LCMV-CL13慢性感染小鼠模型的建立及其BCR突变分析  

作　　者：李哲 蔡方舟 李丹 陈倩 苑一真 王卫 LI Zhe;CAI Fangzhou;LI Dan;CHEN Qian;YUAN Yizhen;WANG Wei(Comparative Medicine Center,Peking Union Medical College(PUMC).Institute of Medical Laboratory Animal Science,Chinese Academy of Medical Sciences(CAMS).Beijing Key Laboratory for Animal Models of Emerging and Reemerging Infectious.NHC Key Laboratory of Human Disease Comparative Medicine,Beijing 100021,China)

机构地区：[1]北京协和医学院比较医学中心,中国医学科学院医学实验动物研究所,新发再发传染病动物模型研究北京市重点实验室,卫健委人类疾病比较医学重点实验室,北京100021

出　　处：《中国实验动物学报》2022年第2期177-184,共8页Acta Laboratorium Animalis Scientia Sinica

基　　金：国家自然基金面上项目(81873963);医科院创新工程项目(2021-I2M-1-035)。

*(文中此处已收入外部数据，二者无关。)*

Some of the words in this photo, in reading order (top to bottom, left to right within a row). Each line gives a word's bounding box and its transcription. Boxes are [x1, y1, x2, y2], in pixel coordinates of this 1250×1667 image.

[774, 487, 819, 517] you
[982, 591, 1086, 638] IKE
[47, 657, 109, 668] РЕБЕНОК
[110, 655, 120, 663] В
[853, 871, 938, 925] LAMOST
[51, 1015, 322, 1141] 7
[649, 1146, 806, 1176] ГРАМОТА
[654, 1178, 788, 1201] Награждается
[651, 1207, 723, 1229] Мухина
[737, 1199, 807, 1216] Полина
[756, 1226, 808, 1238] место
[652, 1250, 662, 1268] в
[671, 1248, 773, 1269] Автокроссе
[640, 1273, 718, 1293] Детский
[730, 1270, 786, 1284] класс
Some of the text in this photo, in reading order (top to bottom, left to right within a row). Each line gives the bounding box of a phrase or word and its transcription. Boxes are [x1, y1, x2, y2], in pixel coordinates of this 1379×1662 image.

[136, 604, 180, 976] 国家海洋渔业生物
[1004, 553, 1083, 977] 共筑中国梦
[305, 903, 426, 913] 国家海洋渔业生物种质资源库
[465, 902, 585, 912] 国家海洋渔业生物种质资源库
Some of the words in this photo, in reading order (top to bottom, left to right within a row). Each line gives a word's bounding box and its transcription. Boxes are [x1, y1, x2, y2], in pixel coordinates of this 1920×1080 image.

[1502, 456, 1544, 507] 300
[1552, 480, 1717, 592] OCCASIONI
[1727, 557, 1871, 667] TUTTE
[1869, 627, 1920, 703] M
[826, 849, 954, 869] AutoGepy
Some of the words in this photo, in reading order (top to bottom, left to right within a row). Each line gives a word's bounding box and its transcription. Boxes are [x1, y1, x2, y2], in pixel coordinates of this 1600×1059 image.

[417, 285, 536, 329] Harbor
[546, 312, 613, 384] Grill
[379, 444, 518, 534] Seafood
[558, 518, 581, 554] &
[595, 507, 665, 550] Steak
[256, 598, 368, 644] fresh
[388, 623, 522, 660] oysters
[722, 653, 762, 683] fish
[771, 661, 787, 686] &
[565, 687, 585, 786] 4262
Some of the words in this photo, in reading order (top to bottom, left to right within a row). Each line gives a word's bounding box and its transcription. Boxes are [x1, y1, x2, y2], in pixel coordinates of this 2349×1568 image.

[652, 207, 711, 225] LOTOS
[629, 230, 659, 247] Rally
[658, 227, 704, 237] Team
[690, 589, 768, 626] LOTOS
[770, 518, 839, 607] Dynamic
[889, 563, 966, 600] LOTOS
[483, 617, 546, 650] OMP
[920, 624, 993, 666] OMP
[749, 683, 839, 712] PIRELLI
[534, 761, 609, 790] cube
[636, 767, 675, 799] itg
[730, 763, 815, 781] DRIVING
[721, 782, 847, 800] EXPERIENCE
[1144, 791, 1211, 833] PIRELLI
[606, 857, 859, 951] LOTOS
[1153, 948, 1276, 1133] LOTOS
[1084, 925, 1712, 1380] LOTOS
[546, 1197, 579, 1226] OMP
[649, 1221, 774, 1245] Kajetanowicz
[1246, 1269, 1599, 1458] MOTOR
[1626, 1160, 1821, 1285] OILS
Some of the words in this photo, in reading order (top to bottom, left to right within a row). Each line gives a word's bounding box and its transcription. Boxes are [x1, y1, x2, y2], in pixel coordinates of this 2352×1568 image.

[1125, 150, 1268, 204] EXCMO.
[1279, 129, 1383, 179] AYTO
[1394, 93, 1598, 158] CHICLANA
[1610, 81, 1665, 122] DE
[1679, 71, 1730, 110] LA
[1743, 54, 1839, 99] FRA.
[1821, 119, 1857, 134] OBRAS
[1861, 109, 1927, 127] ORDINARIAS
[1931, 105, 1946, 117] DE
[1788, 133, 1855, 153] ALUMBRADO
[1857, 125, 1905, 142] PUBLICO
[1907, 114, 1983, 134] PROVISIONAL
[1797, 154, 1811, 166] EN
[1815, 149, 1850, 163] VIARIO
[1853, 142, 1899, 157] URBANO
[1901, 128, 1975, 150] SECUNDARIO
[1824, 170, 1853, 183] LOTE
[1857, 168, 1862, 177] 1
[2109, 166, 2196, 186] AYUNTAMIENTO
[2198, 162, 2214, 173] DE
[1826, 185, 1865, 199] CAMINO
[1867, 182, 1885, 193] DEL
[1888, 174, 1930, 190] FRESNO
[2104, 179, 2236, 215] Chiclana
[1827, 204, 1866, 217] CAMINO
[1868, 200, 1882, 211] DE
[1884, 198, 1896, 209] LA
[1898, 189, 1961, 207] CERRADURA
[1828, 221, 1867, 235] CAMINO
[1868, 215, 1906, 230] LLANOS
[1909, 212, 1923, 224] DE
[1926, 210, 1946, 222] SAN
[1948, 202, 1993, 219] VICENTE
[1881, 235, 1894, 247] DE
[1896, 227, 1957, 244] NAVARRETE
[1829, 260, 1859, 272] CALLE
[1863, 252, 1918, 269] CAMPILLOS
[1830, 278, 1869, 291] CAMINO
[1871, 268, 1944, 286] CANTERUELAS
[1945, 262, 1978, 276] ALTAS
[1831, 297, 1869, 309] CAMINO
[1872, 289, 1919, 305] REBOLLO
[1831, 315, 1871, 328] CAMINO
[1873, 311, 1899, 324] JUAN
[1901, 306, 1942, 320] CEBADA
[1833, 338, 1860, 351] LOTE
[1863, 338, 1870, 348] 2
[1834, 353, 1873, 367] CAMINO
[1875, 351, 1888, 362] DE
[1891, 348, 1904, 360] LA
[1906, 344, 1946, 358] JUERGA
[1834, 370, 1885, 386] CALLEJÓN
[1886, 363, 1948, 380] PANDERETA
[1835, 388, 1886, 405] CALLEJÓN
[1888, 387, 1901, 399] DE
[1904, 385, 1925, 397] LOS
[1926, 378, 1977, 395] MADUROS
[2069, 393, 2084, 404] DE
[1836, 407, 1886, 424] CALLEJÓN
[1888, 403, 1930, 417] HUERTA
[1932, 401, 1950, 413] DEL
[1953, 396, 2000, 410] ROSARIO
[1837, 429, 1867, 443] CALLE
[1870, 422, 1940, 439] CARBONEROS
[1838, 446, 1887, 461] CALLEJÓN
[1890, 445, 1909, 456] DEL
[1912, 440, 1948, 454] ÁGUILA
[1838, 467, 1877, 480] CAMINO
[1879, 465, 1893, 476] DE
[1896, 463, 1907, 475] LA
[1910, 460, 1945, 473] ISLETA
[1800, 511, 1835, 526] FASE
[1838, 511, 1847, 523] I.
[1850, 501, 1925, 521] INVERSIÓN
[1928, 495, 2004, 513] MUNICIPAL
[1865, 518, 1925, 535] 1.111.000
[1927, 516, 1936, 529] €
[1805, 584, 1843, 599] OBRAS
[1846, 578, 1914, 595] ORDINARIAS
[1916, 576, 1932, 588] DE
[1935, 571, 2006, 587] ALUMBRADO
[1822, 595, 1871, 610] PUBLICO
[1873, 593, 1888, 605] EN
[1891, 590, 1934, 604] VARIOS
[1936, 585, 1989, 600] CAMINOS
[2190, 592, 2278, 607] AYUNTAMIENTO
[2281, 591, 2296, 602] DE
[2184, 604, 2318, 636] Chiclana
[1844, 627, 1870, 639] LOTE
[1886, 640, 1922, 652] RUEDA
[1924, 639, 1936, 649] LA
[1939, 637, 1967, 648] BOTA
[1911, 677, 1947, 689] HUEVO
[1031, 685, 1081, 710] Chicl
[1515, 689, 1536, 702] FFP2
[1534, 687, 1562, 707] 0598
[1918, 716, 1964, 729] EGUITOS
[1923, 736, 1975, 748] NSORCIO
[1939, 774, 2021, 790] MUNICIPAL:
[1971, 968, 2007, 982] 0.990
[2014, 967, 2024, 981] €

摘　　要：目的建立淋巴细胞性脉络丛脑膜炎病毒LCMV-CL13慢性感染小鼠模型,分析其作为B细胞受体高频突变研究模型的可能性。方法C57BL/6N小鼠经尾静脉途径接种2×10^(6)PFU剂量LCMV-CL13病毒,感染后第10、20、30、40、50、60、70天采集样品,通过qPCR检测组织病毒载量,流式检测分析外周血CD4^(+)T、CD8^(+)T、CD19^(+)B细胞及脾生发中心B细胞比例,免疫组库测序分析BCR V区基因丰度及突变率。结果在LCMV-CL13病毒感染小鼠体内检测到1×10^(6)copies/μL水平的病毒复制;在感染平台期,小鼠外周血CD4^(+)T细胞比例逐渐升高(13.15%±0.72%),CD8^(+)T细胞先降低(2.17%±0.40%)后逐渐恢复(6.65%±0.52%),CD19^(+)B细胞以及生发中心B细胞比例分别增加至(40.32%±0.46%)和(10.03%±0.60%);测序结果证明BCR重链V基因使用频率下降、突变率显著性升高(P<0.05)。结论成功建立LCMV-CL13慢性感染小鼠模型;此模型可用于BCR突变研究,为研究慢性病毒感染导致的B细胞高频突变奠定了基础。Objective To establish an LCMV-CL13 chronic infection mouse model and analyze its use for B cell somatic hypermutation research.Methods C57BL/6N mice were inoculated with 2×10^(6) plaque-forming units of LCMV-CL13 virus via tail vein injection.The tissue viral load was then detected by quantitative polymerase chain reaction on days 10,20,30,40,50,60,and 70 post-infection.The CD4^(+)and CD8^(+)T cell and CD19^(+)B cell ratios in peripheral blood and the germinal center B cell percentage of the spleen were determined by flow cytometry,and the gene abundance and BCR V region mutation rate were analyzed using immune repertoire technology.Results LCMV-CL13-infected mice maintained a tissue viral load of 1×10^(6) copies/μL virus.The percentage of CD4^(+)T cells in the peripheral blood gradually increased in the infection plateau phase to(13.15%±0.72%),while the percentage of CD8^(+)T cells first decreased to(2.17%±0.40%)and then gradually recovered to(6.65%±0.52%),and the percentages of CD19^(+)B cells and germinal center B cells increased to(40.32%±0.46%)and(10.03%±0.60%),respectively.Sequencing result demonstrated that the frequency of V gene usage decreased and the mutation rate of the heavy chain CDR3 V gene increased 1.7-fold with increasing infection time.Conclusions We successfully established a LCMV-CL13 chronic infection mouse model.This model can be used to study BCR mutations,and provides a research tool for investigating B cell somatic hypermutation caused by chronic viral infection.

关 键 词：淋巴细胞性脉络丛脑膜炎病毒 高频突变 生发中心B细胞 B细胞受体 

分 类 号：Q95-33[生物学—动物学]